Yes, we know, the iPhone 7 was only released in September. But with this year’s model featuring only iterative upgrades, many Apple fans are already looking ahead to the iPhone 8.
2017 marks the tenth anniversary of the iPhone, which was first announced by Steve Jobs on 9 January 2007, and released later that year on June 29.
Given the momentous occasion, rumour has it that Apple has been holding back some of its most groundbreaking features for next year’s model – which many expect to be called the iPhone 8.
We’ve rounded up all the latest rumours and leaks, so if you’re unimpressed by the iPhone 7’s features, you’ll know what next year’s update has in store.
Apple is rumoured to be working on three versions of its next iPhone, including a 5-inch model to sit between its existing 4.7-inch and 5.5-inch handsets.
Japanese blog Mac Otakara reports that all three models will boast identical specifications , citing sources within Apple’s Taiwanese supply chain.
The 5-inch version is also rumoured to feature a dual-lens camera, with iSight modules arranged vertically instead of horizontally.
While Apple has long been rumoured to be working on three models of its next iPhone , earlier reports have claimed that they will not all have the same specifications.

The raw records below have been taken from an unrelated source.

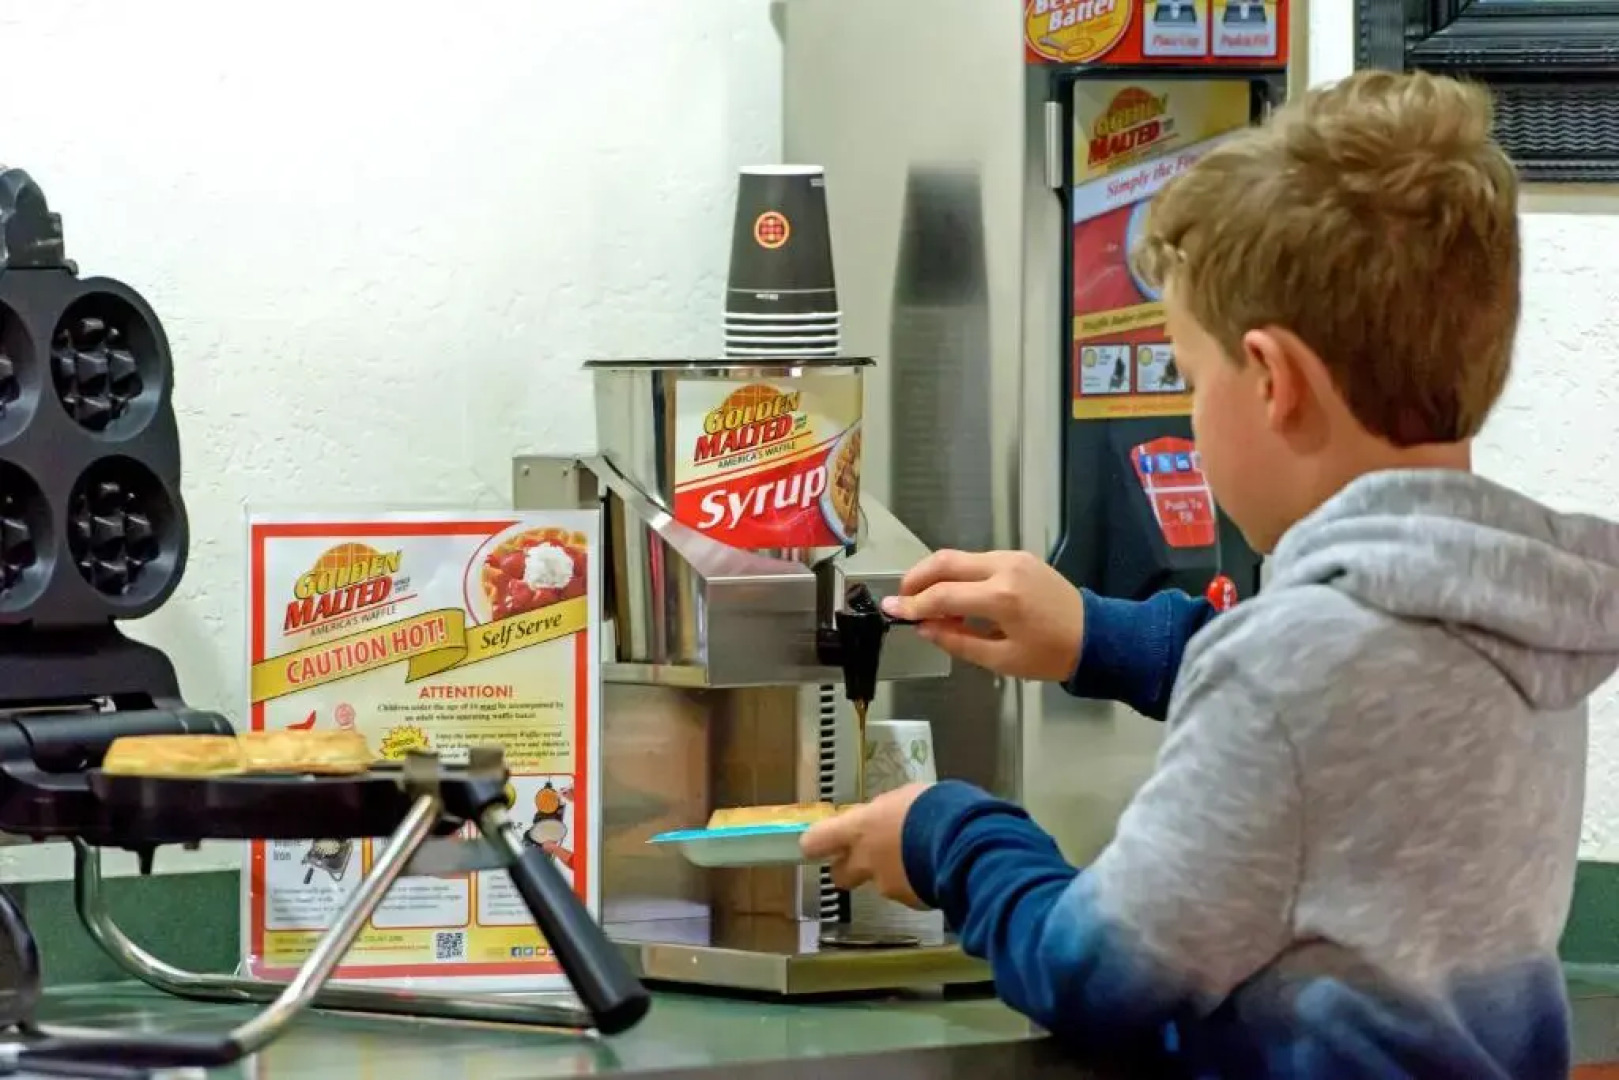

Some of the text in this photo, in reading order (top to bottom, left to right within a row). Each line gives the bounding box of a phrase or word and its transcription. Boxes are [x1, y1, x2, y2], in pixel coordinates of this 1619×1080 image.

[1088, 120, 1160, 166] MALTED
[703, 392, 801, 435] GOLDEN
[694, 414, 793, 462] MALTED
[717, 449, 763, 469] AMERICA'S
[697, 466, 826, 529] Syrup
[294, 549, 403, 600] GOLDEN
[284, 576, 393, 632] MALTED
[310, 603, 397, 638] AMERICA'S WAFFLE
[286, 617, 448, 684] CAUTION HOT!
[480, 611, 563, 650] Self Serve
[418, 685, 514, 700] ATTENTION!

Meanwhile, a recent report in the Wall Street Journal claimed that Apple is currently testing more than 10 different prototypes for its next smartphone.
Apple traditionally releases its latest iPhone in the first two weeks of September, in good time for the start of the Christmas shopping season.

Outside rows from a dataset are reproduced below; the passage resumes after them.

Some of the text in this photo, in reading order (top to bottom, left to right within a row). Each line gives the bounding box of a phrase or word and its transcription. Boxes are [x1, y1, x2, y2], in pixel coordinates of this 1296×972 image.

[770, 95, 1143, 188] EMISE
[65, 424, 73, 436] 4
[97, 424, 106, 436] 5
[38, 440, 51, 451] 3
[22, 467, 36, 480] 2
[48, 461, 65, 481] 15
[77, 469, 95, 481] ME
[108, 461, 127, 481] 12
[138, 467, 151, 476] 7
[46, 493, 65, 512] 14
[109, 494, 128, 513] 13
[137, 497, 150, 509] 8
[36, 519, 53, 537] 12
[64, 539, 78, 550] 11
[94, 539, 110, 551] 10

So far, there’s nothing to suggest the company will break with tradition. That means we can expect Apple to unveil its new handset either the week of September 4 or September 11.
Then again, with it being a special anniversary, Apple may choose to pick a different date for the launch. If Apple is feeling particularly nostalgic, it may opt for June 29 – the same day the first iPhone was released.
It’s unlikely that Apple’s iPhone 8 will be any easier on the wallet than previous models, but it may not be much more expensive.
In past years, Apple has launched its new handset at roughly the same price point as the previous model, and simultaneously knocked around £100 off the cost of the previous model.
Apple’s 32GB iPhone 7 costs £599, while the iPhone 7 Plus starts at £719.
That should give you a fairly good idea of what the iPhone 8 will cost – although if it does get a major design ovehaul, we wouldn’t be surprised if Apple increased the price a bit.
Based on Apple’s well-established “tick-tock” cycle, the 2017 model would be called the iPhone 7s.
The tick-tock cycle refers to Apple releasing a new design every two years, and new features within the same casing on alternate years (which are usually known as “s” models).
However, rumour has it that Apple is moving to a three-year cycle on major iPhone refreshes.
This, combined with the fact that next year is the tenth anniversary of the iPhone, suggests that Apple’s 2017 model will be a fairly major upgrade.